How could we help to set and raise standards of rehabilitation on the mainland? I think Hong Kong could certainly help in the future, Leung said.

New Frontier said it would pump 1 billion yuan (HK$1.17 billion) into healthcare projects in southwestern parts of the mainland. This comes after it earlier this year pledged to inject at least 1 billion yuan into a Shenzhen-based medical group so it can take part in the Greater Bay Area plan, an integration scheme involving Hong Kong, Macau and nine Pearl River Delta cities.

Leung met Hong Kong journalists in Chengdu last week to introduce the Care Alliance Rehabilitation Hospital, a new facility in which New Frontier has invested more than 100 million yuan. The hospital is set to open late next month.

New Frontier has entered a partnership with a few Hong Kong institutions to train health care workers on the mainland.

For example, experts from the Vocational Training Council will provide training courses for carers in all health care institutions under New Frontier, while the Society for Rehabilitation will provide training for mainland physiotherapists and occupational therapists working in the firms Chengdu rehabilitation hospital.

Two young Hongkongers have joined the growing trend of taking part in exchanges between Hong Kong and mainland health care personnel by working as interns at a separate hospital under the Care Alliance.

Opting for elderly care might be a rather unusual career choice for Yeung Kwok-ho, 22, and Dickman Wai, 21, who have started a two-month internship after completing a higher diploma course in elderly care services at the citys Institute of Vocational Education.

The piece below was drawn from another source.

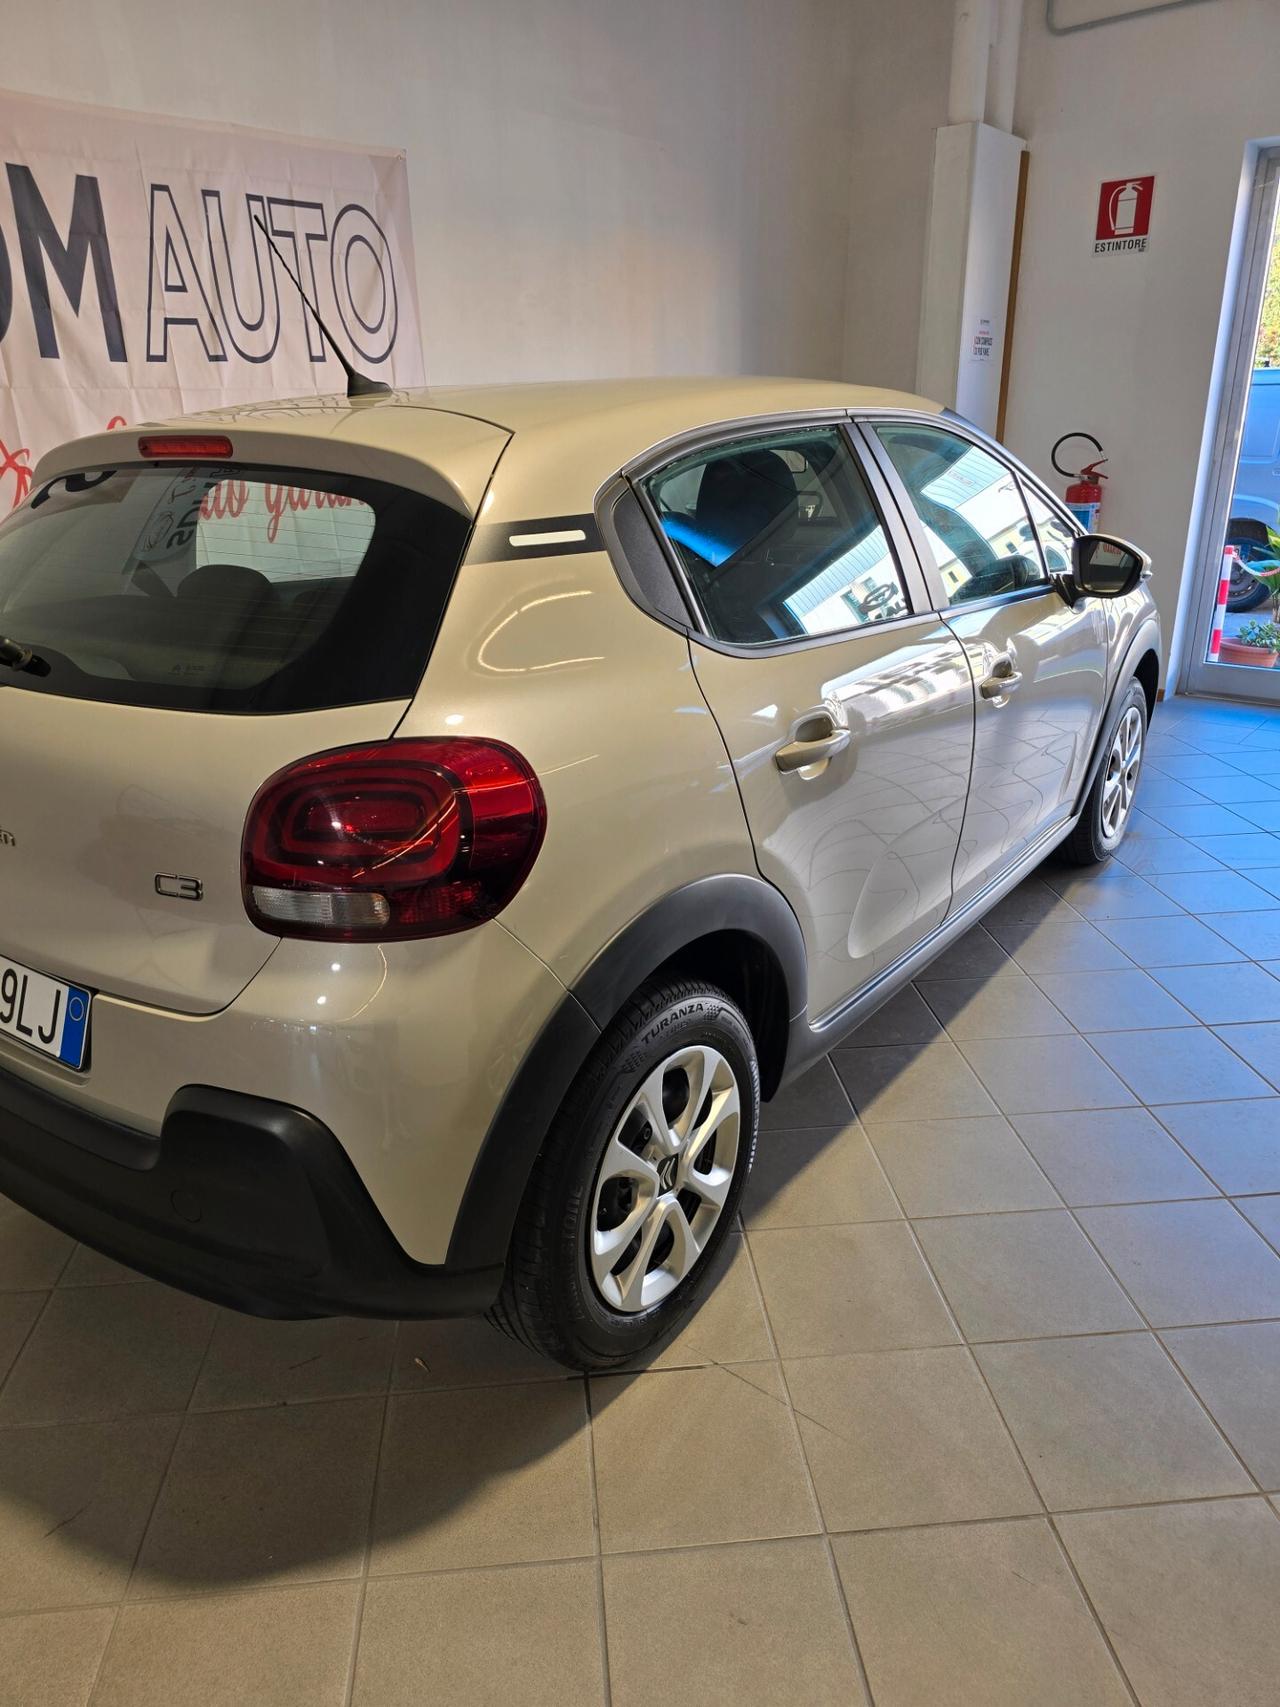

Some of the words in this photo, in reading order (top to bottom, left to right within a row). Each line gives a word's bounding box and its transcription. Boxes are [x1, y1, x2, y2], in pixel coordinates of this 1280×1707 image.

I want to understand how elderly care homes operate on the mainland and whether there are any practices we can adopt, said Wai, who was motivated to study elderly care after seeing his grandmother suffering in a Hong Kong care home.

Would the elderly in China respond differently to the same techniques I use in Hong Kong?

The pair, who were the first two students in their programme to take up internships on the mainland, will help organise physical exercises for the elderly and cognitive training for those with dementia.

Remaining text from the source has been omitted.